The death toll at the camp near the town of Sarmada was expected to rise because of the number of seriously wounded people, the Observatory said.
"There were two aerial strikes that hit this makeshift camp for refugees who have taken refuge from fighting in southern Aleppo and Palmyra. The camp took two direct hits. I heard many tents were on fire," said Abu Ibrahim al-Sarmadi, an activist from the nearby town of Atmeh who has been speaking to people near the affected camp.
He said wounded people were rushed to the Bab al-Hawa border crossing for treatment in Turkey.
The White House condemned the air strike as inexcusable.
Meanwhile a cessation of hostilities agreement brokered by Russia and the United States brought a measure of relief to the battered Syrian city of Aleppo yesterday but President Bashar al-Assad said he still sought a total, crushing victory over rebel forces.

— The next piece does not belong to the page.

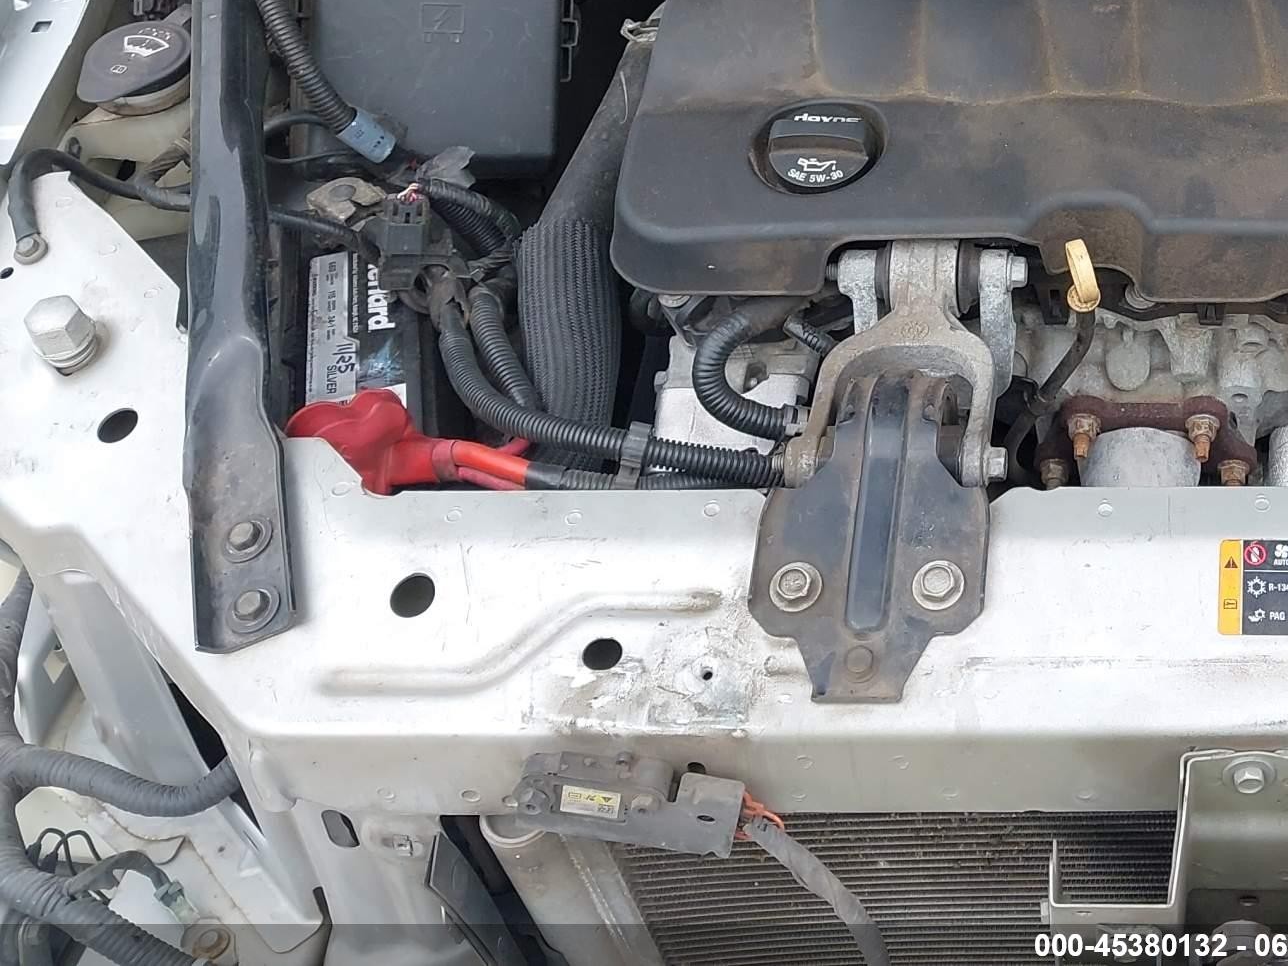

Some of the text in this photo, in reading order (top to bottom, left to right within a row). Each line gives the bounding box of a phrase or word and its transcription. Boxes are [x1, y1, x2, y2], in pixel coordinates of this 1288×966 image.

Syrian state media said the army would abide by a "regime of calm" in the city that came into effect at 1:00am for 48 hours, and relative calm prevailed yesterday morning after two weeks of death and destruction.
Elsewhere in Syria, fighting persisted. Islamic State militants captured the Shaer gas field in eastern Syria yesterday, according to rebel sources and a monitor.
Assad said he would accept nothing less than an outright victory against rebels in Aleppo and across Syria, state media reported.
People in several districts in Aleppo ventured out onto the streets where more shops than normal had opened, the resident of al Shaar neighborhood said. Another resident said civilians in several districts sensed a general trend toward calm.
A rebel source also said that despite intermittent firing across the city's main front lines, fighting had subsided and no army shelling of residential areas had been heard.
Syria's conflict has killed more than 270,000 people and displaced millions since it started after the brutal crackdown of anti-government protests in 2011.